■ WHAT IS NEEDED
I'd like the entries reproduced exactly, with the images omitted.

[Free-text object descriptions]
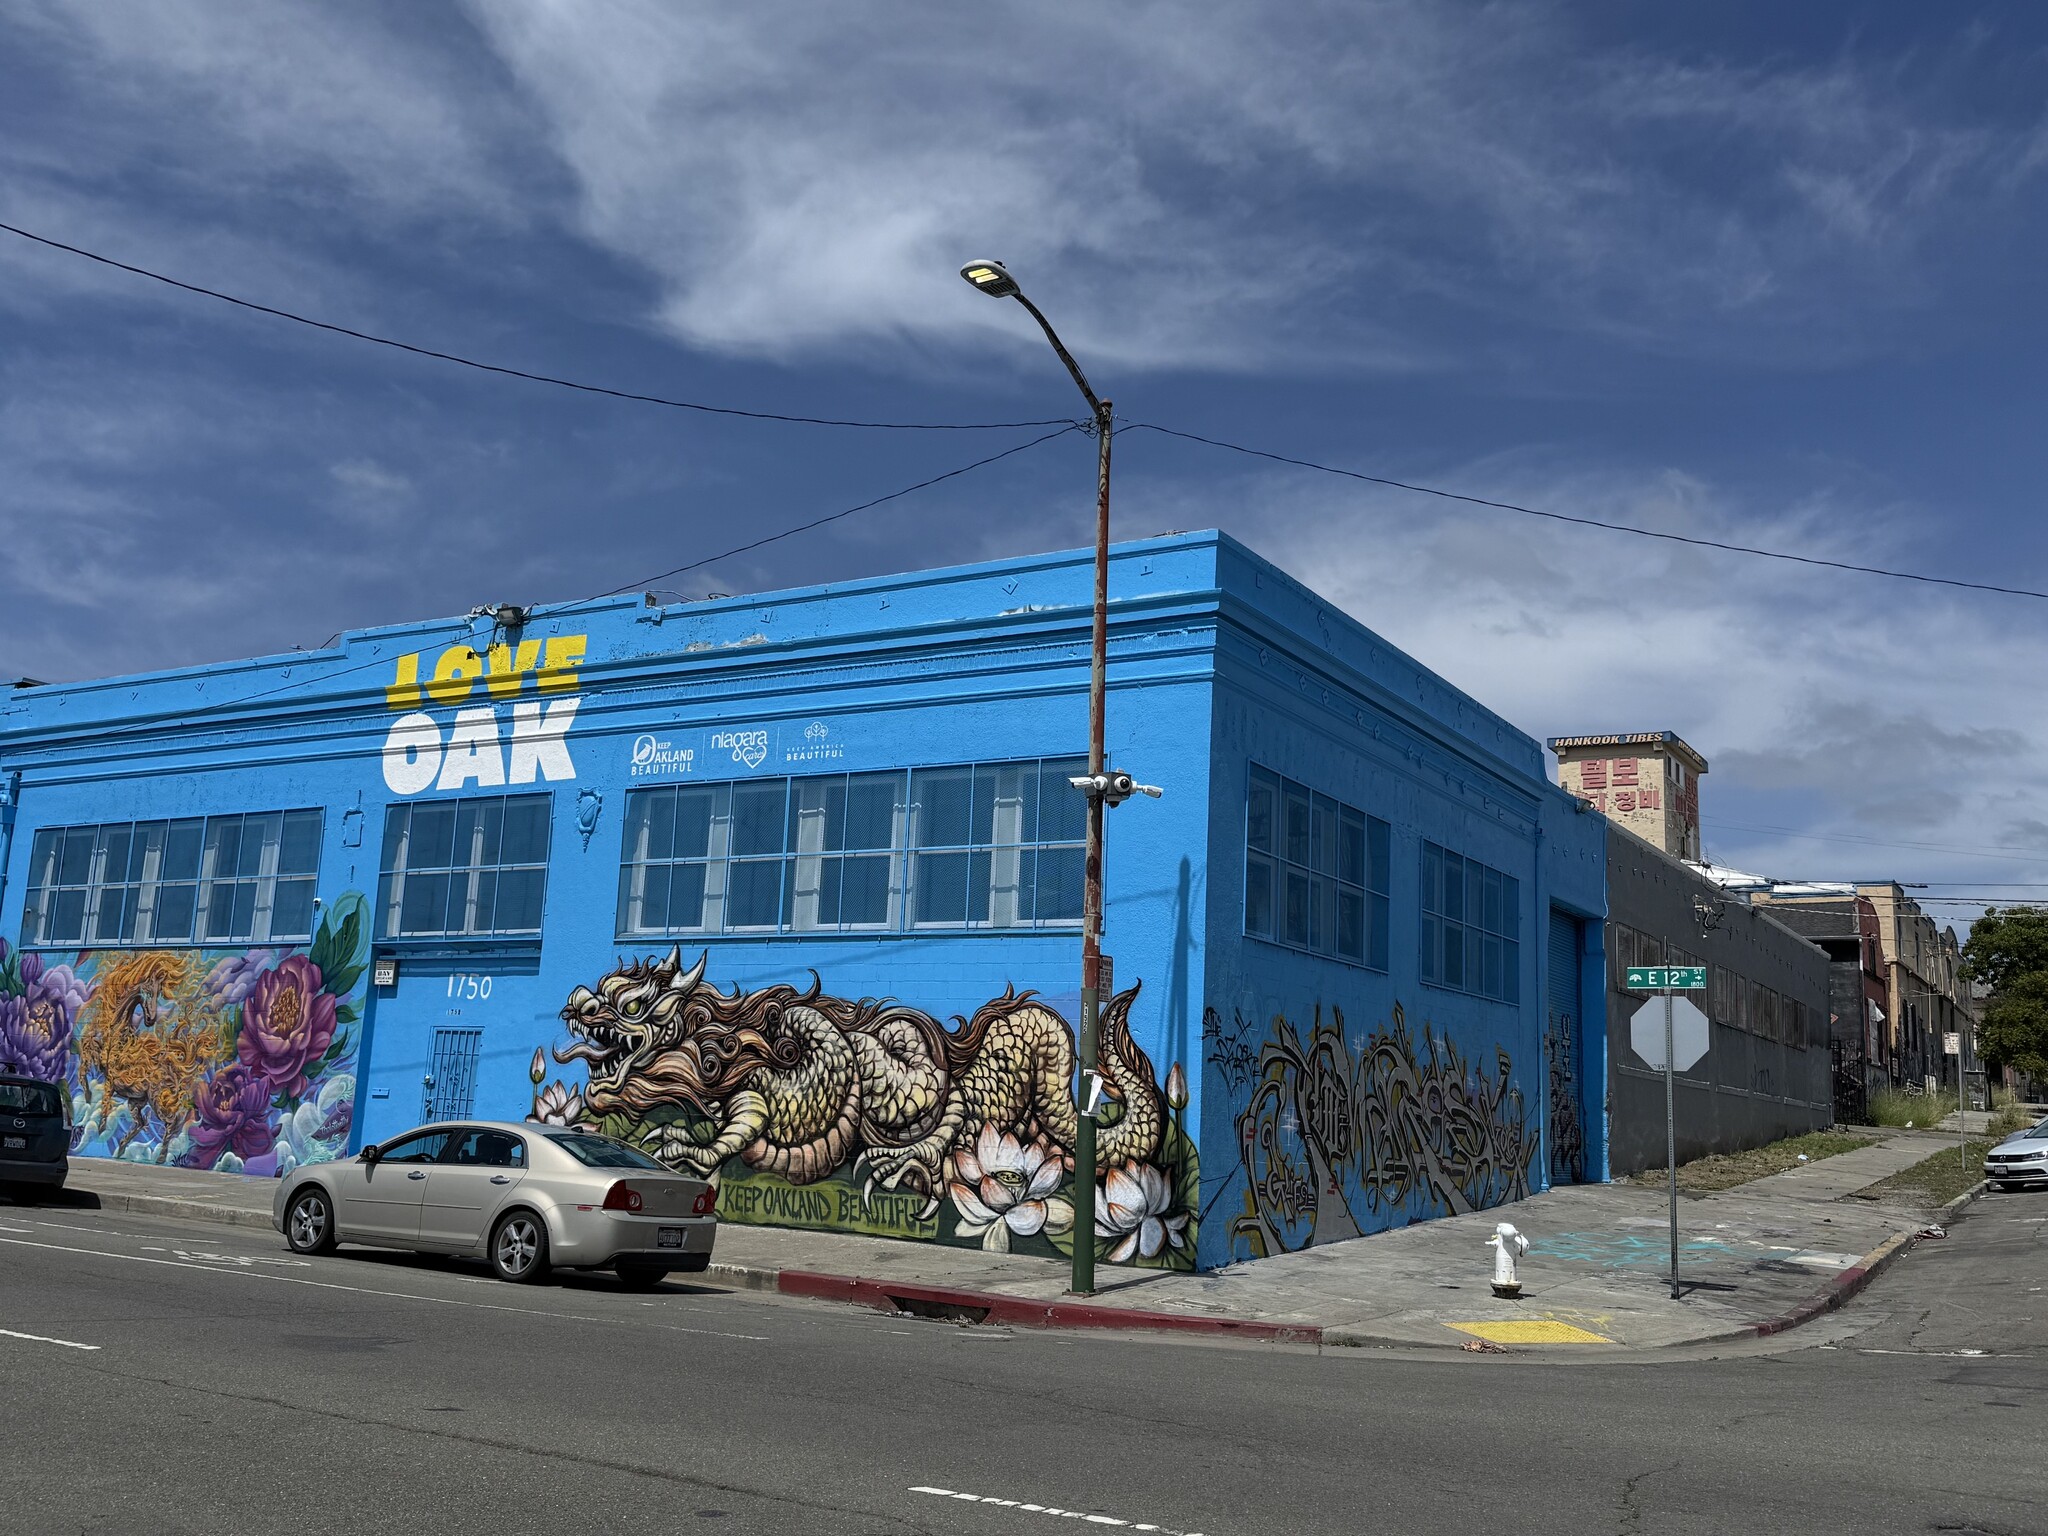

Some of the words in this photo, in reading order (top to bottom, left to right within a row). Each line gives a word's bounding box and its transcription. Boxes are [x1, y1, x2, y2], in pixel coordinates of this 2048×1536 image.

[385, 634, 587, 710] LOVE
[382, 697, 582, 794] OAK
[711, 730, 768, 761] niagara
[1555, 735, 1620, 747] HANKOOK
[1625, 732, 1663, 742] TIRES
[786, 750, 843, 761] BEAUTIFUL
[631, 763, 692, 776] BEAUTIFUL
[447, 973, 492, 1000] 1750
[1648, 972, 1657, 985] E
[723, 1183, 762, 1214] KEEP
[763, 1186, 831, 1222] OAKLAND

■ SOLUTION TO THE EXERCISE
Some of the words in this photo, in reading order (top to bottom, left to right within a row). Each line gives a word's bounding box and its transcription. Boxes are [x1, y1, x2, y2], in pixel coordinates of this 2048×1536 image.

[385, 634, 587, 710] LOVE
[382, 697, 582, 794] OAK
[711, 730, 768, 761] niagara
[1555, 735, 1620, 747] HANKOOK
[1625, 732, 1663, 742] TIRES
[786, 750, 843, 761] BEAUTIFUL
[631, 763, 692, 776] BEAUTIFUL
[447, 973, 492, 1000] 1750
[1648, 972, 1657, 985] E
[723, 1183, 762, 1214] KEEP
[763, 1186, 831, 1222] OAKLAND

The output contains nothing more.